If you read the title, I am not paraphrasing. I've had this duncan colony for roughly 2 years, and for more than 6 months, this coral has not opened or even come close to fully opening during this time span. The coral has been through two different tanks (a jbj 28g LED nano cube and then transferred to a jbj 45 gallon).

 

I've tried changing light parameters, water parameters, positions, flow (all within large spans of time because quick changes can shock the coral) but I've had little results. The closest I've gotten to "open" was a slight protrusion from the skeleton, with a few tentacles showing up (Happened after a water change, so there is something in the water that is bothering it in my opinion.) I've also noticed a few aiptasia anemones appearing, so I'm wondering if one is wedged underneath the coral and is stinging it. 

 

The flesh of the coral still looks good, full neon green color.

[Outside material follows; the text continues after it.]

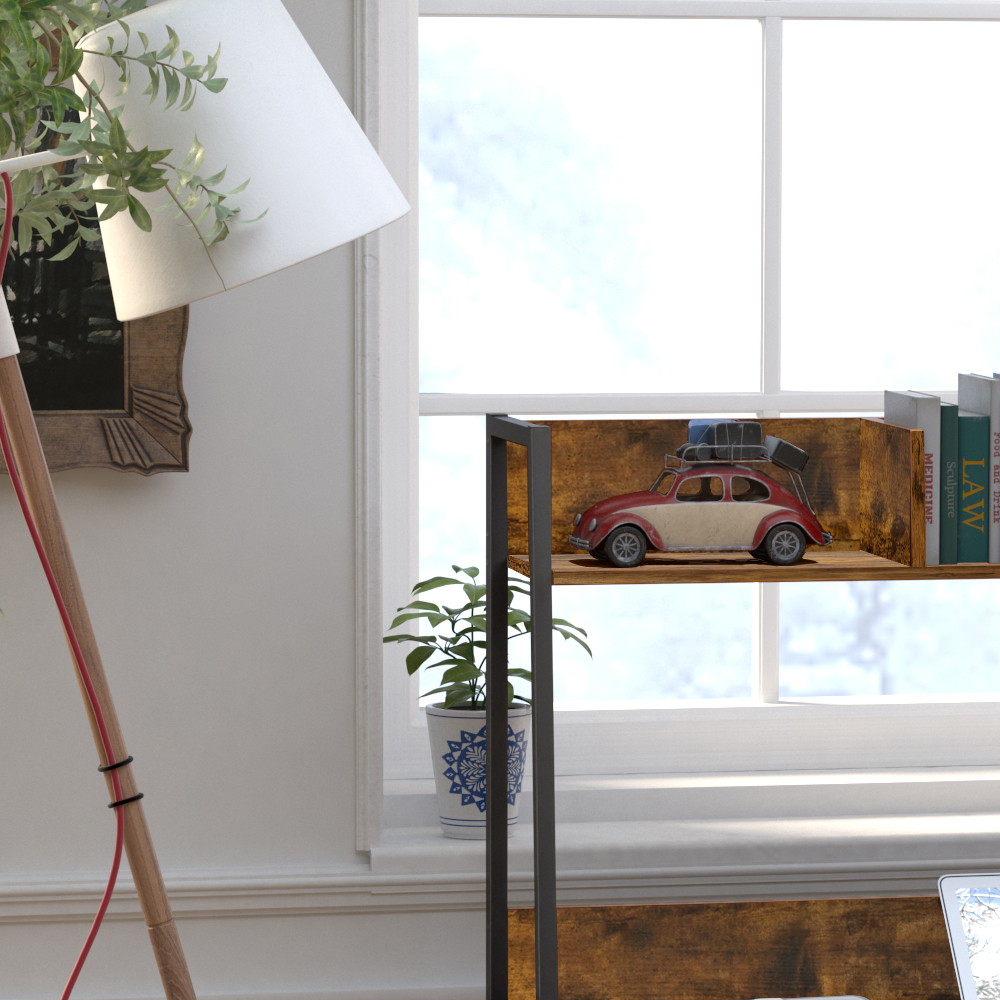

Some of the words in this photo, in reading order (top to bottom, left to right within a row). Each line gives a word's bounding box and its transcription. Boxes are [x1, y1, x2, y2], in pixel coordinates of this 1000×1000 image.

[924, 453, 934, 525] MEDICINE
[944, 461, 957, 519] Sculpture
[962, 458, 985, 532] LAW

I'll post a photo of the colony a little later, and I'll list my current parameters (Currently high because I've been changing my dosing amounts in accordance with the duncan, only been doing this for roughly 3 weeks), as well as my tankmates, equipment, etc.

 

Any help would be appreciated, and thanks for stopping by.

 

Tankmates:

1 Bonded pair of Clownfish (Ocellaris & Black Photon)

1 Yellow tail damsel

Various crabs & snails

1 large green/red trachyphillia

1 large elegance coral

2 small acan colonies

1 large kenya tree

5 blue mushroom colony

1 green/purple tip bubble anemone

1 medium frogspawn colony

 

Equipment:

45 Gallon JBJ cube tank

Radion XR15 (set to 60% max light, fast growth standard setting, primarily a blue spectrum)

Aquamaxx HOB skimmer

Dosing 2 Part B-ionic & Magnesium (currently changing dosing, but most recent schedule is 2ml of both calcium & alkalinity parts 3 times a day every 3 days)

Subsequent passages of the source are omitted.